→ **AIM OF THE EXERCISE**
Exact transcription of the data below is required, without the images.

→ **THE INPUT**

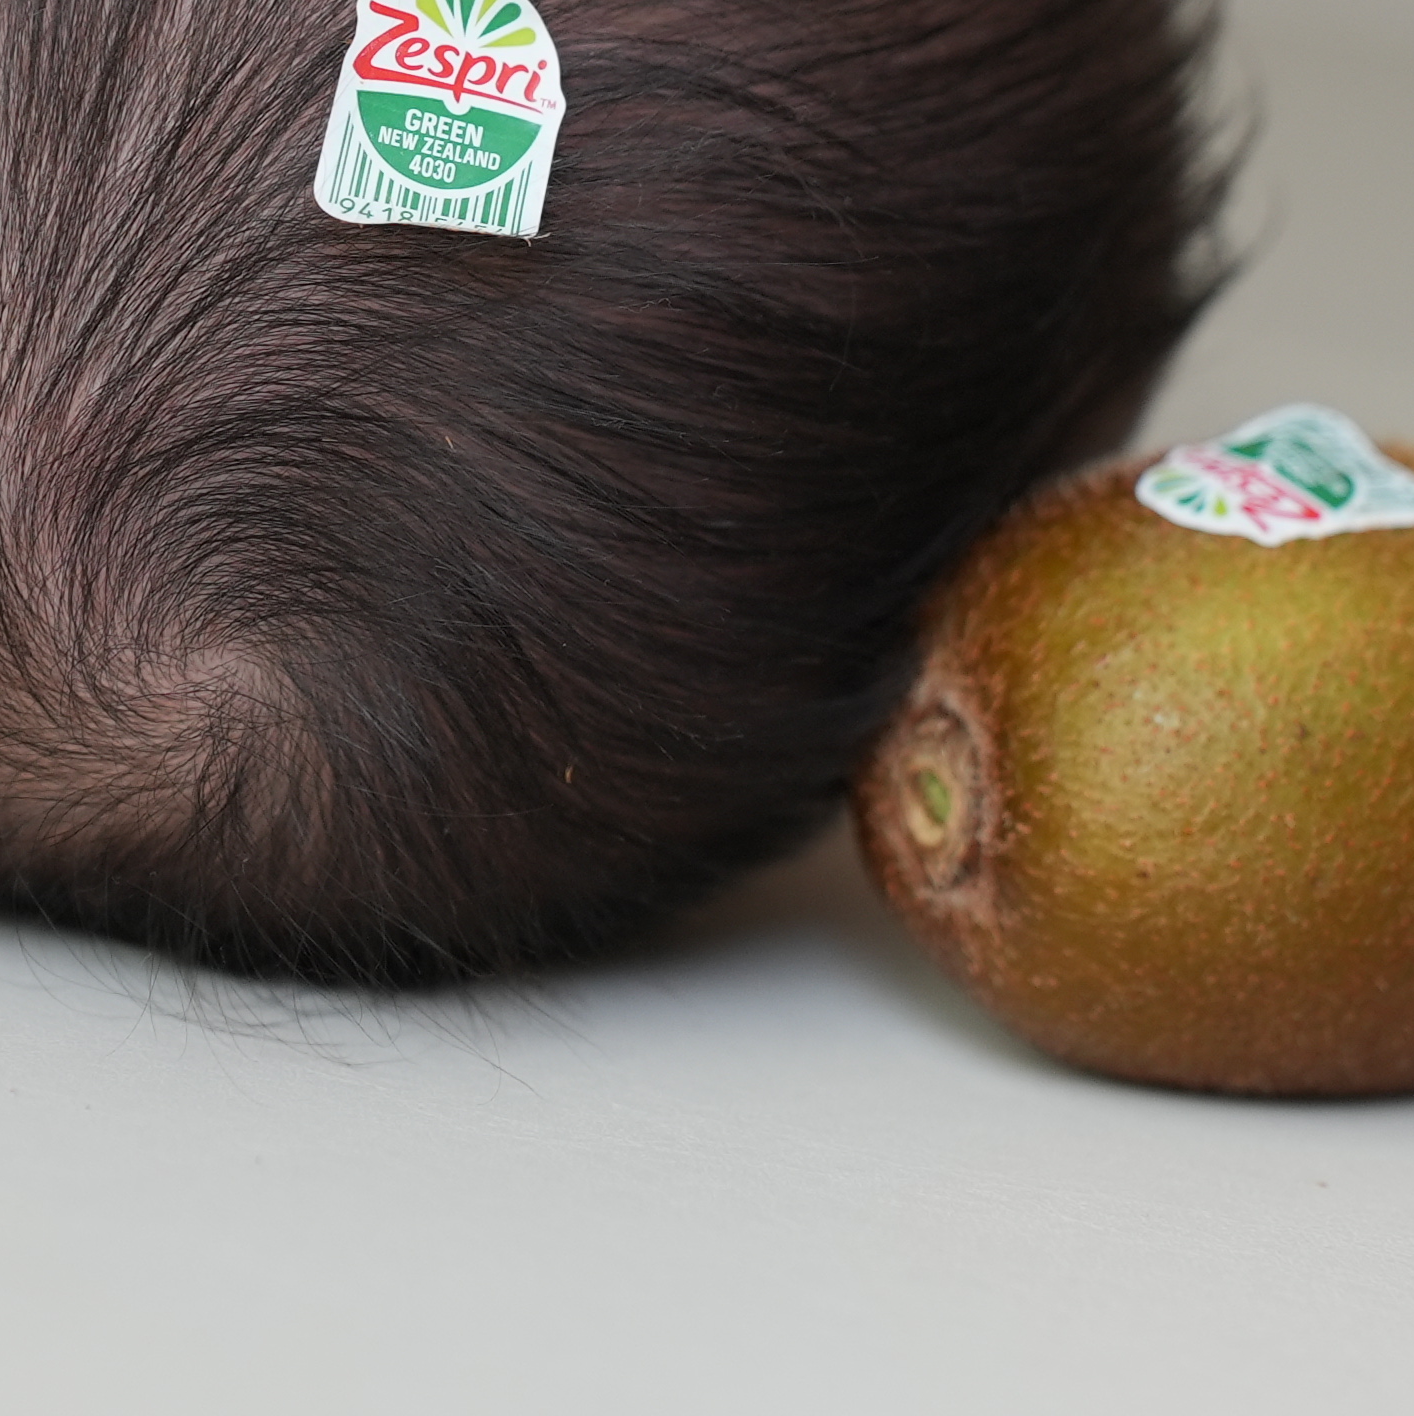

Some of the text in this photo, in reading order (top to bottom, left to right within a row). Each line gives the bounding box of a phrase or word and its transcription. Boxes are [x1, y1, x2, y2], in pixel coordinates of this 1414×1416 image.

[353, 0, 548, 114] Zespri
[378, 126, 501, 171] NEW ZEALAND
[404, 108, 484, 147] GREEN
[408, 154, 456, 183] 4030

→ **RESPONSE TO THIS EXERCISE**
Some of the text in this photo, in reading order (top to bottom, left to right within a row). Each line gives the bounding box of a phrase or word and its transcription. Boxes are [x1, y1, x2, y2], in pixel coordinates of this 1414×1416 image.

[353, 0, 548, 114] Zespri
[378, 126, 501, 171] NEW ZEALAND
[404, 108, 484, 147] GREEN
[408, 154, 456, 183] 4030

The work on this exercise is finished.